Directions for this task -
Output the entries in full and verbatim, pictures omitted.

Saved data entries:
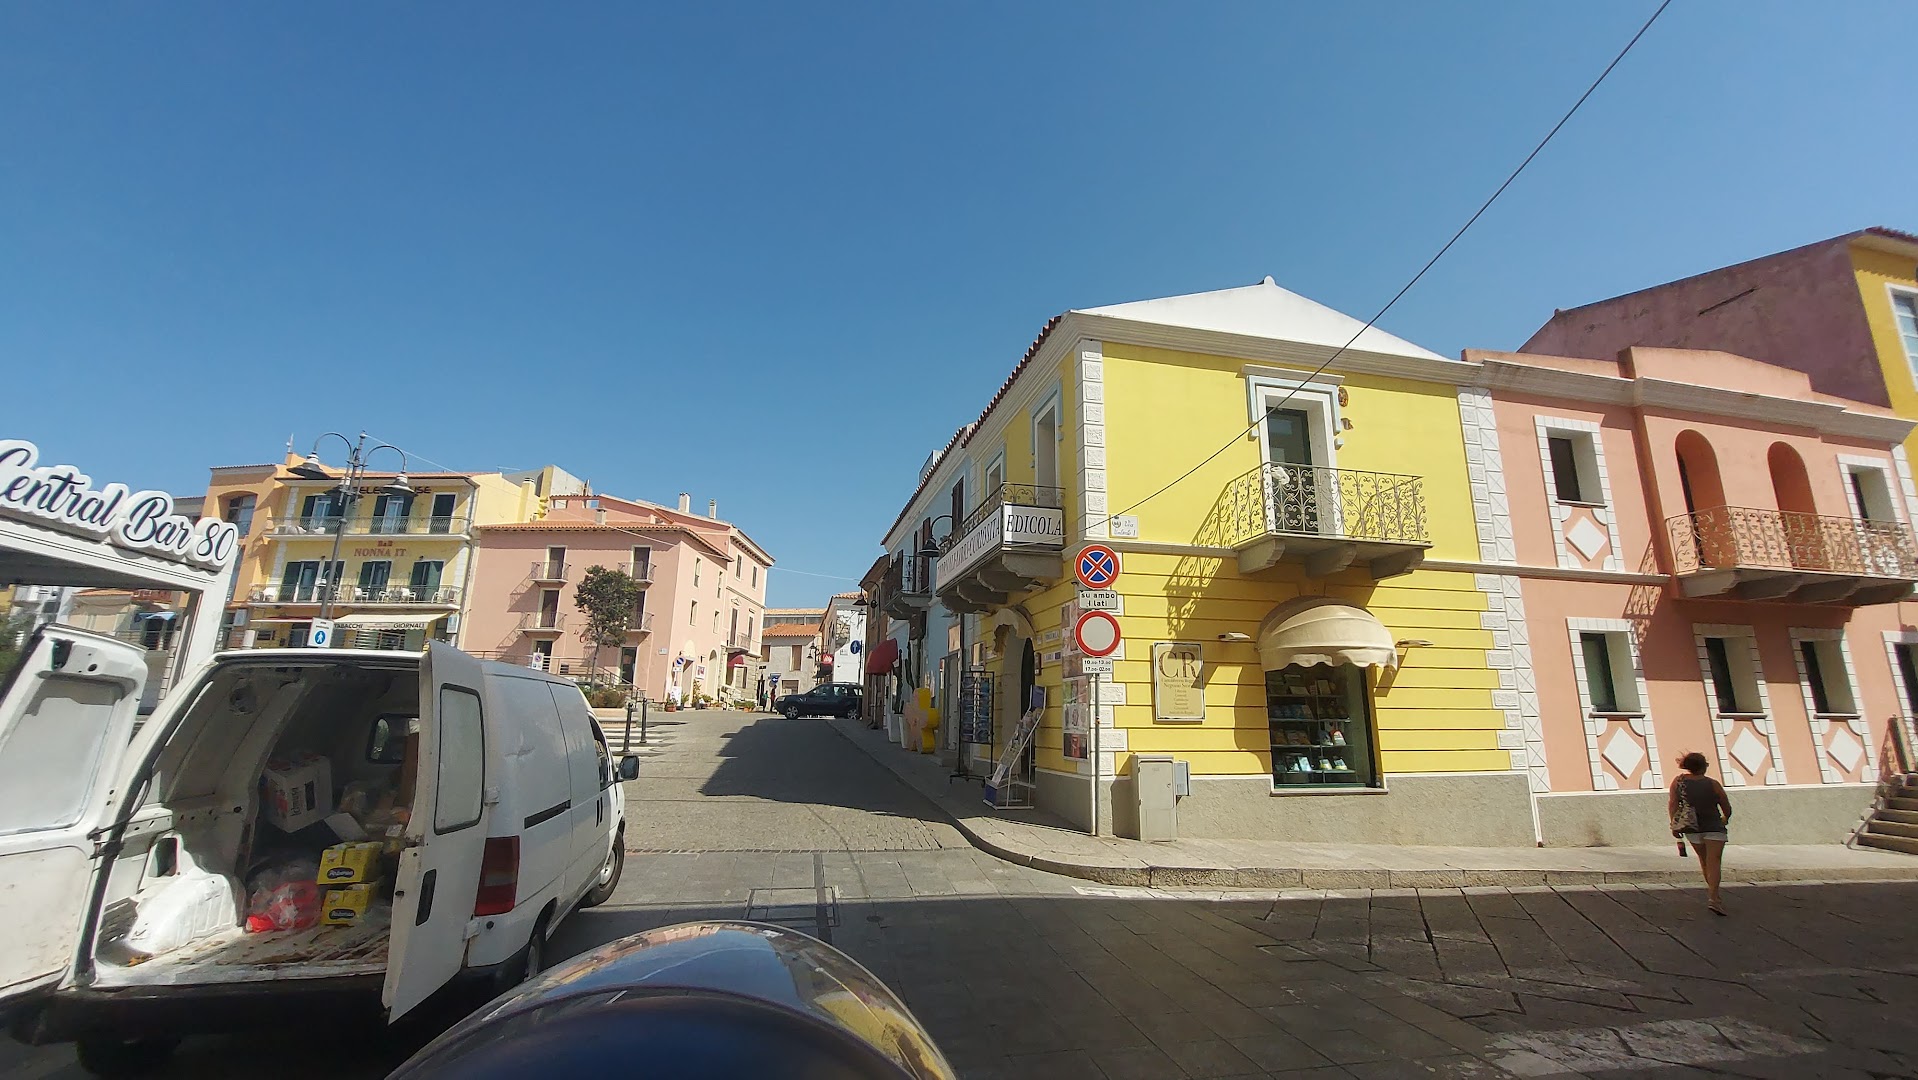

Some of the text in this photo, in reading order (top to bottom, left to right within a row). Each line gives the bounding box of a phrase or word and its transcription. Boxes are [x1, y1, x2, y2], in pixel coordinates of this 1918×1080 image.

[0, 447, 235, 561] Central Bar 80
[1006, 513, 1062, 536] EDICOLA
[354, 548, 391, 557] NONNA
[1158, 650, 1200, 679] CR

Response below -
Some of the text in this photo, in reading order (top to bottom, left to right within a row). Each line gives the bounding box of a phrase or word and its transcription. Boxes are [x1, y1, x2, y2], in pixel coordinates of this 1918×1080 image.

[0, 447, 235, 561] Central Bar 80
[1006, 513, 1062, 536] EDICOLA
[354, 548, 391, 557] NONNA
[1158, 650, 1200, 679] CR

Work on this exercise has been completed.